TASK PROMPT:
Include only the line with "this 1904×1428 image." and the lines after it, each reproduced exactly as it stands in the entries below.

*** DATA LISTING Section Begins ***

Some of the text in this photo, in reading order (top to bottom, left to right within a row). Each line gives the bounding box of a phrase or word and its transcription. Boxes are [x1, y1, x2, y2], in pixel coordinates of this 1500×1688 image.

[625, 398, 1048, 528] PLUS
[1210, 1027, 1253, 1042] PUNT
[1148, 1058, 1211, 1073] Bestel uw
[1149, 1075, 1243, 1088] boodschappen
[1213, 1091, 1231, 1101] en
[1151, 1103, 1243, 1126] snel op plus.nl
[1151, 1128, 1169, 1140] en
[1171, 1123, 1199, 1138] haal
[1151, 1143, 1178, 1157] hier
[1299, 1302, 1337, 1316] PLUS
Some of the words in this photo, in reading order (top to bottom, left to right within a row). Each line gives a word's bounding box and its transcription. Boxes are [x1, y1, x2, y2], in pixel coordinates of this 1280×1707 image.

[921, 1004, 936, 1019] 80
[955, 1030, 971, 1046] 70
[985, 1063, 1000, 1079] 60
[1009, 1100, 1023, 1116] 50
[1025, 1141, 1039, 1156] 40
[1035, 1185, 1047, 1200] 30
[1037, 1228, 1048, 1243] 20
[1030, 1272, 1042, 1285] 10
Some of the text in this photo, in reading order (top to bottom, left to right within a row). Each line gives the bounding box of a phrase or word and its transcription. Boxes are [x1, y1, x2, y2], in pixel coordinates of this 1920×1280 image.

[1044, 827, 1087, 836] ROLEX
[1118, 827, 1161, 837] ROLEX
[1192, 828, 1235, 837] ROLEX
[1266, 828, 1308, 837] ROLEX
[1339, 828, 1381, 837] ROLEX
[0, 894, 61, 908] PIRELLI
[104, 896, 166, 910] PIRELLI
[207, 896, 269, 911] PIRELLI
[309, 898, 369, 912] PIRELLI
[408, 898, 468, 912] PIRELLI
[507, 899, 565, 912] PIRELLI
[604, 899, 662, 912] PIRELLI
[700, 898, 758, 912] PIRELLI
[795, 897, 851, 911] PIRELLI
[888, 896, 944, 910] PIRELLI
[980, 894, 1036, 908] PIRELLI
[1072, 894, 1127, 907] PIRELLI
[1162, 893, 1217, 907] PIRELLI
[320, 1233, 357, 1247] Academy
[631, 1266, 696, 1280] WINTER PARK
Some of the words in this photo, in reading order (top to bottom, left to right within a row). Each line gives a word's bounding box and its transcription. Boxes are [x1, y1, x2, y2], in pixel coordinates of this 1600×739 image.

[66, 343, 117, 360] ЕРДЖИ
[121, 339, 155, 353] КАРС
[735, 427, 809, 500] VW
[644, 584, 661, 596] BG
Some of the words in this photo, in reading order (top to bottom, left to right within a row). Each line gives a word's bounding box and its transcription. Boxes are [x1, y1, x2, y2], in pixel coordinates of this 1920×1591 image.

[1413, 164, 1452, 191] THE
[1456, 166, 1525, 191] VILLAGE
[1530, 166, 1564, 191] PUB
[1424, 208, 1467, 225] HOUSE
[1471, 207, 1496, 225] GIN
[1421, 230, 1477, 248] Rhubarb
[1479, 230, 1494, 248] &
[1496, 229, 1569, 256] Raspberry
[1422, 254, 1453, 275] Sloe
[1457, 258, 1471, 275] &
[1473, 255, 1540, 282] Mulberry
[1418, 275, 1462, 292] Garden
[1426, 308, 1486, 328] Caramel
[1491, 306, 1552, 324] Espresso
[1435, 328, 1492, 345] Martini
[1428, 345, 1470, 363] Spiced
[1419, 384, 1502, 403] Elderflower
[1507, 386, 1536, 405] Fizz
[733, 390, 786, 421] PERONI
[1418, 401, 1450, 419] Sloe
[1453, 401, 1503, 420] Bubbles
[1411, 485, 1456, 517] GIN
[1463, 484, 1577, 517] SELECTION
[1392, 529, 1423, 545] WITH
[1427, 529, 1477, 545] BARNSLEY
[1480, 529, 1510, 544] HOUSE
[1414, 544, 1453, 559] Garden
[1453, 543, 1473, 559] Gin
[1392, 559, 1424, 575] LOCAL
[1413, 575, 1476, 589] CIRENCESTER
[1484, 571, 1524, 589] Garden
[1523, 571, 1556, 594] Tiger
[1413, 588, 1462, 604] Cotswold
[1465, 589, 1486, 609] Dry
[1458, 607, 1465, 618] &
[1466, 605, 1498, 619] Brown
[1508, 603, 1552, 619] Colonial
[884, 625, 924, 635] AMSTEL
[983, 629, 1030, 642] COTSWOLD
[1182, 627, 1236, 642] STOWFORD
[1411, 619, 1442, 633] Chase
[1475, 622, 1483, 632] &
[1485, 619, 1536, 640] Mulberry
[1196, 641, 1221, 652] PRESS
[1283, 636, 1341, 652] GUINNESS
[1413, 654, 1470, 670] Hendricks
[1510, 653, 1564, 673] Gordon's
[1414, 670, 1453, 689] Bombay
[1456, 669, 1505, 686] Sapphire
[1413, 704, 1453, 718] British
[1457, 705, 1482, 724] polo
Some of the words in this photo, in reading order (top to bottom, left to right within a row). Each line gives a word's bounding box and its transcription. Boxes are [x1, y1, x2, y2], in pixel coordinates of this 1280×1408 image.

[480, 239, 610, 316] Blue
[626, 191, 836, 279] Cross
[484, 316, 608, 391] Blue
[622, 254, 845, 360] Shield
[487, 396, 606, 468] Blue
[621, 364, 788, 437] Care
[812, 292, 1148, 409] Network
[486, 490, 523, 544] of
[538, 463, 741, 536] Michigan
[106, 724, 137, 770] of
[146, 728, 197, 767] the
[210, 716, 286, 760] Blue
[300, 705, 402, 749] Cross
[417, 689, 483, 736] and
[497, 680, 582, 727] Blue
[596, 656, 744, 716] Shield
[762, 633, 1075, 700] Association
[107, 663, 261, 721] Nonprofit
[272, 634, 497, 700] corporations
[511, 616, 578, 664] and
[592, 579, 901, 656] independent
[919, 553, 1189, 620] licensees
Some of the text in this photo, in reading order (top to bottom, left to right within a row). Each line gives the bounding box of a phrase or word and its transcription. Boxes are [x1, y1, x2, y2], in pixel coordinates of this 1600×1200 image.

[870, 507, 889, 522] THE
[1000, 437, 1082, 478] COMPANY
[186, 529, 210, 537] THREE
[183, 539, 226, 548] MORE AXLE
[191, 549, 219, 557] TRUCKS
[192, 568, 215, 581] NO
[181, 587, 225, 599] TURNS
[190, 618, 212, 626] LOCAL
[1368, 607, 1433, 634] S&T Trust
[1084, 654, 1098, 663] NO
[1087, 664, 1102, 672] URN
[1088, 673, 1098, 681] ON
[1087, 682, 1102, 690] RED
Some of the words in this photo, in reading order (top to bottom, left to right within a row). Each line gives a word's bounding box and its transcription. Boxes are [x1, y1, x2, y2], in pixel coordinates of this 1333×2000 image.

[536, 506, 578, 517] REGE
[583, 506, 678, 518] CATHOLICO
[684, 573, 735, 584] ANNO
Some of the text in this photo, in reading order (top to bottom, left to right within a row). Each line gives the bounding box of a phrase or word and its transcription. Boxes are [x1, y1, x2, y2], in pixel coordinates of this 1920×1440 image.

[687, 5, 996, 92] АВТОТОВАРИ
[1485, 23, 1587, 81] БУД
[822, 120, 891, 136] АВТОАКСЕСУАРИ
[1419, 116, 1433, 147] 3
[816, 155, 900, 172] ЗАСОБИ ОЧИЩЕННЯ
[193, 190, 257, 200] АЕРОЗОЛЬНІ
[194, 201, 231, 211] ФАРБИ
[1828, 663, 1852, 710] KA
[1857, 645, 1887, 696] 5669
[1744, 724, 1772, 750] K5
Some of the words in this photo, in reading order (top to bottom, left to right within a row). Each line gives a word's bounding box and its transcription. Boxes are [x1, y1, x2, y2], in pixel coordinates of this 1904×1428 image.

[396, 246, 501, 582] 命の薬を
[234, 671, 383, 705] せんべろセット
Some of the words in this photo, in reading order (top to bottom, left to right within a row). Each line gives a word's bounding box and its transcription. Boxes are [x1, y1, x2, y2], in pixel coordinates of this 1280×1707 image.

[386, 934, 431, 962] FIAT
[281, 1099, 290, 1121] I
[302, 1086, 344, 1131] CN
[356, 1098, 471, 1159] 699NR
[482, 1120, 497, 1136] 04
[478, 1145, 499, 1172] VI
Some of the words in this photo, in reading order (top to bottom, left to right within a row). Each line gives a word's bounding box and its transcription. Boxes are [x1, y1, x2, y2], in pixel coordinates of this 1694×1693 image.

*** DATA LISTING Section Ends ***

ANSWER BOX:
Some of the words in this photo, in reading order (top to bottom, left to right within a row). Each line gives a word's bounding box and its transcription. Boxes are [x1, y1, x2, y2], in pixel coordinates of this 1904×1428 image.

[396, 246, 501, 582] 命の薬を
[234, 671, 383, 705] せんべろセット
Some of the words in this photo, in reading order (top to bottom, left to right within a row). Each line gives a word's bounding box and its transcription. Boxes are [x1, y1, x2, y2], in pixel coordinates of this 1280×1707 image.

[386, 934, 431, 962] FIAT
[281, 1099, 290, 1121] I
[302, 1086, 344, 1131] CN
[356, 1098, 471, 1159] 699NR
[482, 1120, 497, 1136] 04
[478, 1145, 499, 1172] VI
Some of the words in this photo, in reading order (top to bottom, left to right within a row). Each line gives a word's bounding box and its transcription. Boxes are [x1, y1, x2, y2], in pixel coordinates of this 1694×1693 image.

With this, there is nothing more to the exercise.